Why would an 18th-century priest need to ask the pope’s permission to wear a wig?
The underlying context of Piervenanzi’s petition was the contemporaneous fashion craze for carefully coiffured false hair. Think of portraits of Louis XIV, J.S. Bach, Marie Antoinette, the Founding Fathers, or the ‘hanging judge’ George Jeffreys. A wig, the larger and the more elaborate the better, was a must-have for any person of importance. Indeed, the great English church historian Owen Chadwick once remarked how ‘the wig became as necessary to the uniform of Anglican bishops as to that of English judges’. Yet Chadwick also noted that the same was not true of Catholic clerics. For several generations, numerous bishops in France and Italy waged a concerted campaign against priests who wore them.
Pietro Maria Orsini, an archbishop of Benevento who in 1724 became Pope Benedict XIII, was at the forefront of this crackdown. A lifelong Benedictine monk, and also the 18th century’s only fully bald pope, he may have approached the subject of wigs from a particularly personal perspective. Yet, like other ‘wig critics’ in the Catholic hierarchy, he saw artificial hair as vain, inappropriate and eccentric.
In Benedict’s critique, a priest who wore a wig to fit in with fashionable trends in wider society was exhibiting a misguided, even unholy, attachment to the secular.

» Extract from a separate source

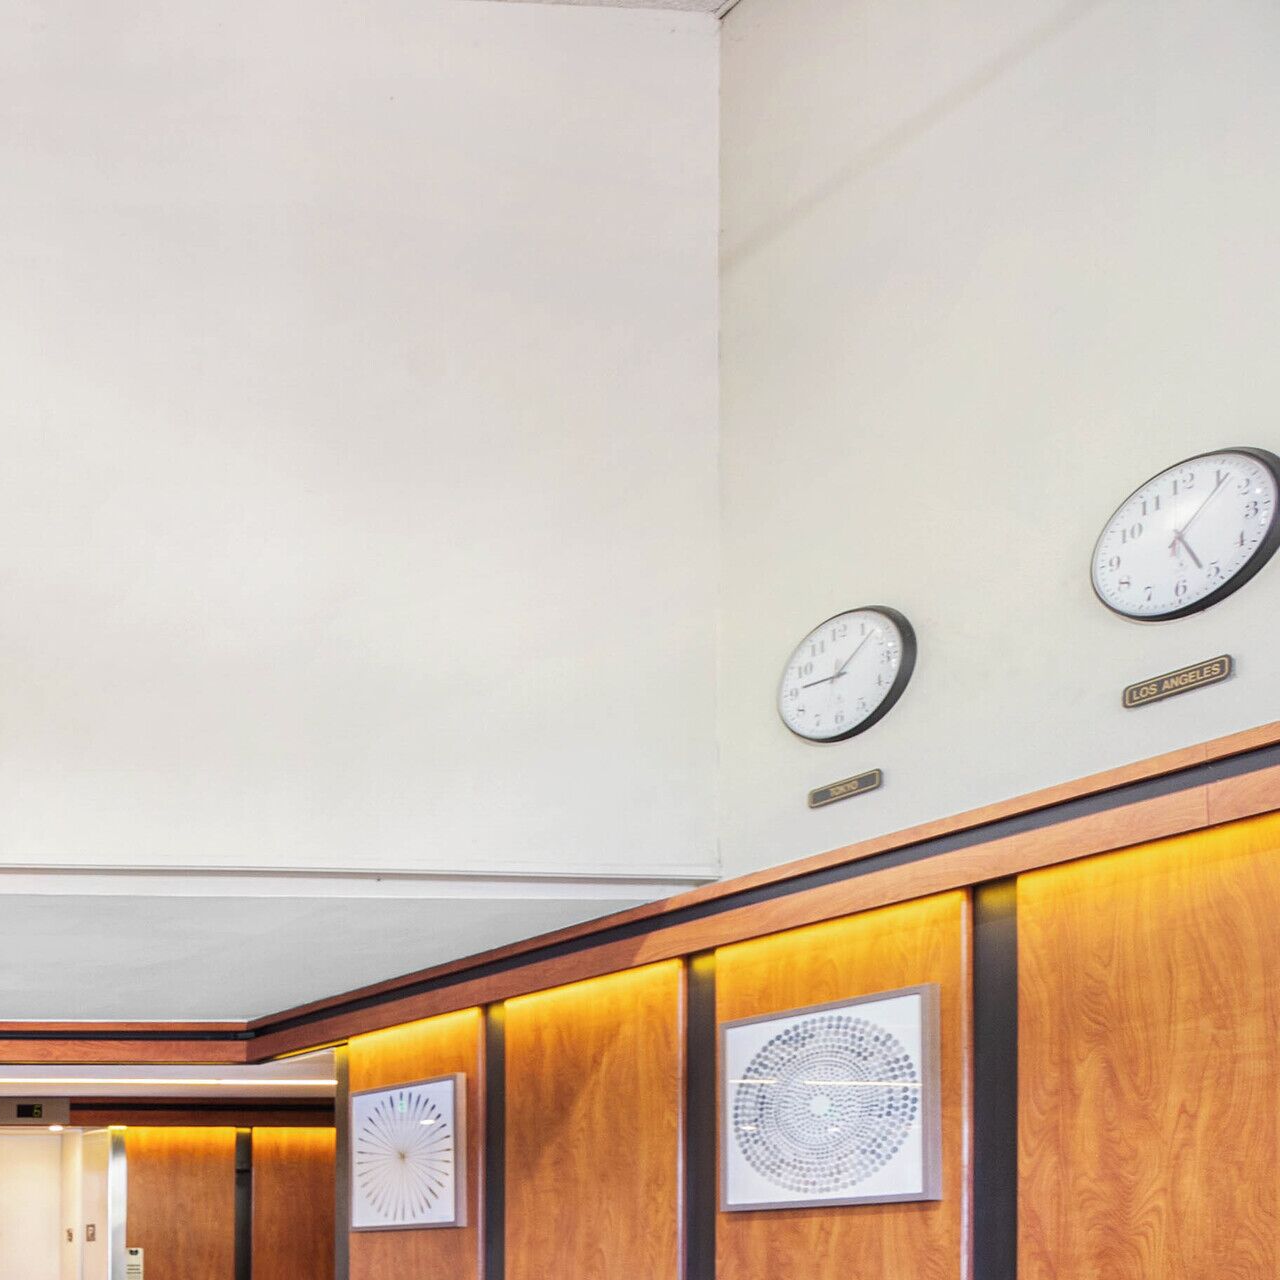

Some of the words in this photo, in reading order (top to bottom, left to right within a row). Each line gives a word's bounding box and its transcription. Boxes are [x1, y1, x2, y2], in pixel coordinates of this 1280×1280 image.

The 16th-century saint and archbishop of Milan Carlo Borromeo had previously said as much. In a famous pastoral letter, he admonished his diocesan clergy for neglecting godliness, which was clean-shaven, in favour of that century’s male grooming fad, the bushy beard.
Wearing a wig was even worse than sporting a beard, wig critics argued, because it broke a key injunction in the Church’s sacred law. Paul’s First Letter to the Corinthians states that ‘every man who prays or prophesies with his head covered dishonors his head’ and also that ‘a man ought not to cover his head, since he is the image and glory of God; but woman is the glory of man’.
Many throughout history have interpreted these verses to mean that men, though not women, must remove their hats in church. And what was a wig if not a kind of hat? How could a priest who was in breach of this rule stand before the altar and utter the Blessed Sacrament’s holy words? The scandal undermined its efficacy.
As pope, Benedict XIII issued three edicts in just three years which mention wigs. Other popes had prohibited wearing wigs in church, but his proscriptions were the harshest yet: a priest who brought his wig anywhere near a sacred space, even a sacristy, could be sentenced to 15 days in prison, an indeterminate monetary fine and suspension of his rights to celebrate.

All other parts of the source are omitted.